After being harvested, Pattanan's durians are packed into boxes marked with Chinese characters at a roadside logistics facility. They are then shipped in containers on large trailers to Chinese consumers directly, a journey that takes just four to five days, Pattanan said.
Durians are increasingly being shipped overland instead of by sea due to falling costs, thanks to improvements to cross-border roads in Southeast Asia, said Adisorn Chanprapalert, minister-counselor at the office of agricultural affairs at the Thai embassy in Beijing.
The 114-kilometer Hongsa-Chiang Man Road, built in 2016, has cut the journey time between China and Thailand. The road, which runs through Laos, has halved the previous journey time by sea.
Just three years ago, selling durian could be a risky business, as transporting the fruit to China was time consuming.
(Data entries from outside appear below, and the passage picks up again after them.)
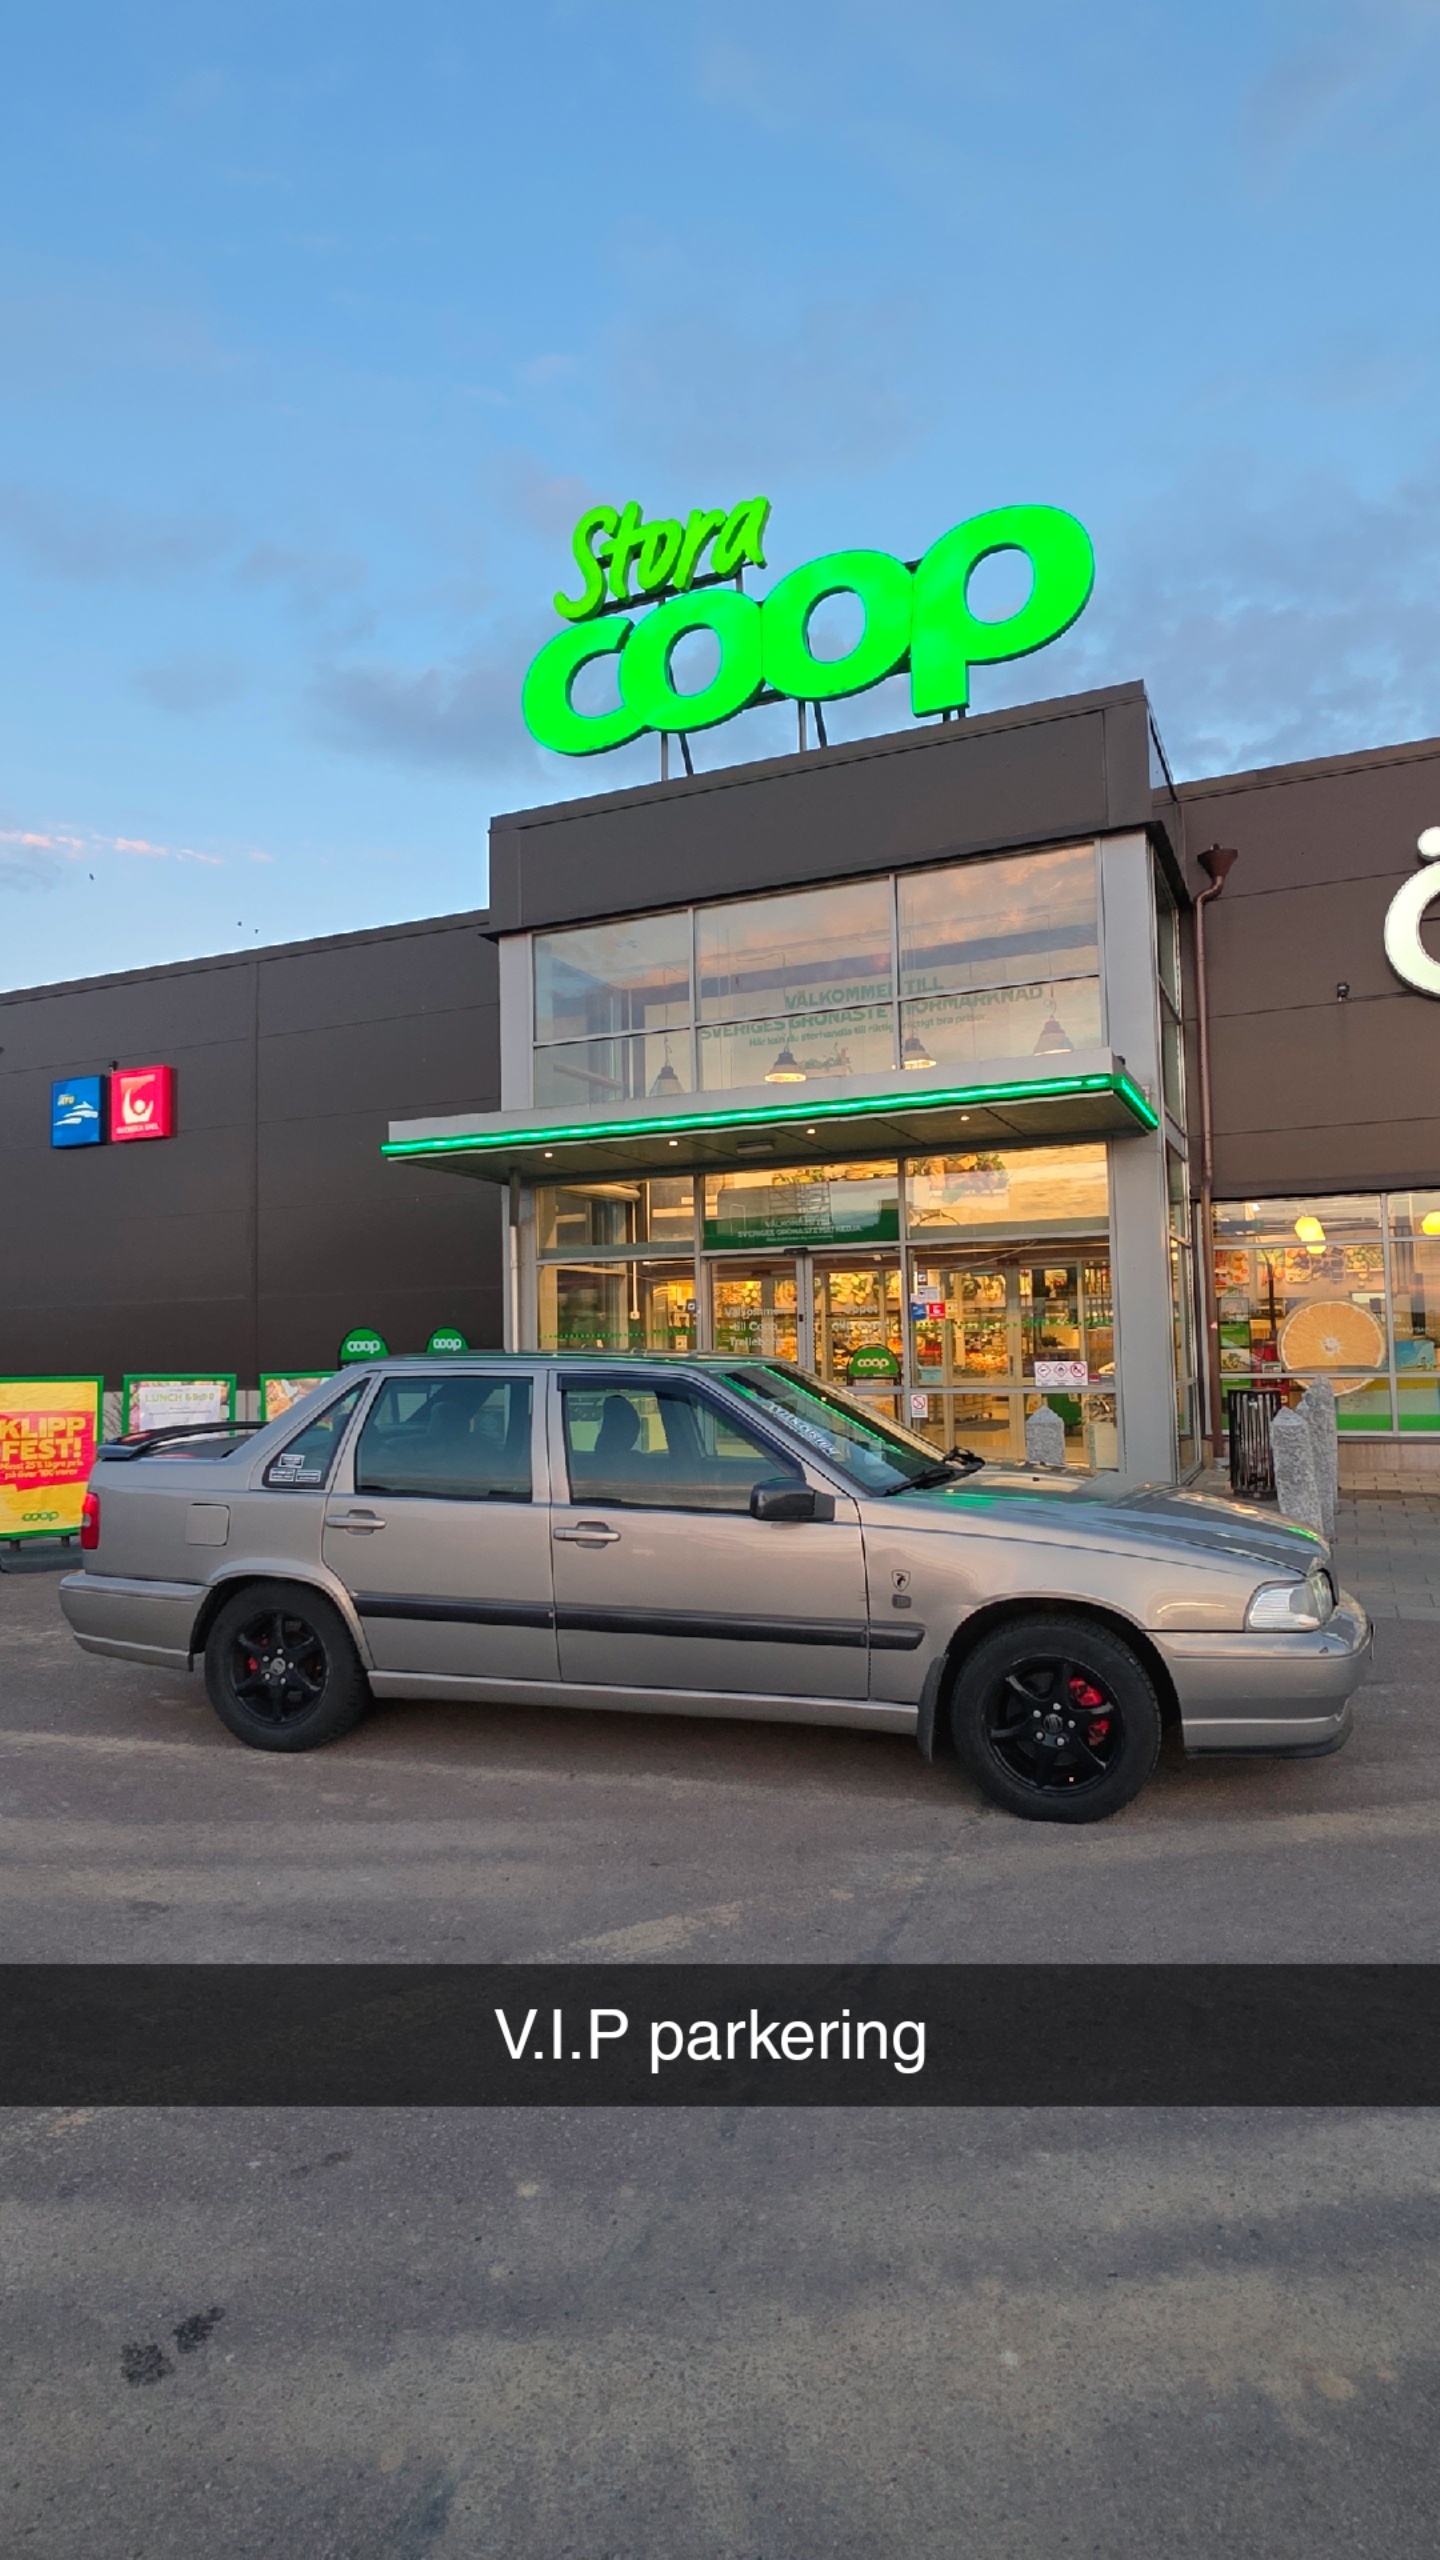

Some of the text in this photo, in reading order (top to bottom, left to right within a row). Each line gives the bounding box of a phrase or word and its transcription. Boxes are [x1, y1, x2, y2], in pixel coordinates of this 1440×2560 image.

[554, 496, 771, 621] Stora
[521, 504, 1095, 756] coop
[904, 976, 944, 995] TILL
[346, 1340, 381, 1354] coop
[432, 1338, 462, 1351] coop
[857, 1358, 890, 1370] coop
[145, 1393, 183, 1402] LUNCH
[0, 1416, 86, 1440] KLIPP
[2, 1436, 82, 1461] FEST!
[21, 1511, 60, 1522] coop
Su Jiangshan, a Beijinger who owns an online fruit shop, said he lost almost 20,000 yuan in 2015 from durian sales.
Durian ripen in Thailand between May and September. But for both China and Thailand, the summer heat increases transportation risks for the fruit.
"It takes at least two weeks for my customers to receive their orders," Su said, adding that it usually takes four to five days for his orders to reach the Laotian border with China and another four to five days to transport the fruit to Beijing by train or truck.
"Even though I used the Shun Feng cold chain express service to transport the durian to my customers, they requested refunds of more than 40 percent, as the fruit they received had already rotted," Su said.
The improvements in cross-border transportation networks in recent years and the rise of internet commerce can directly connect durian farmers with consumers.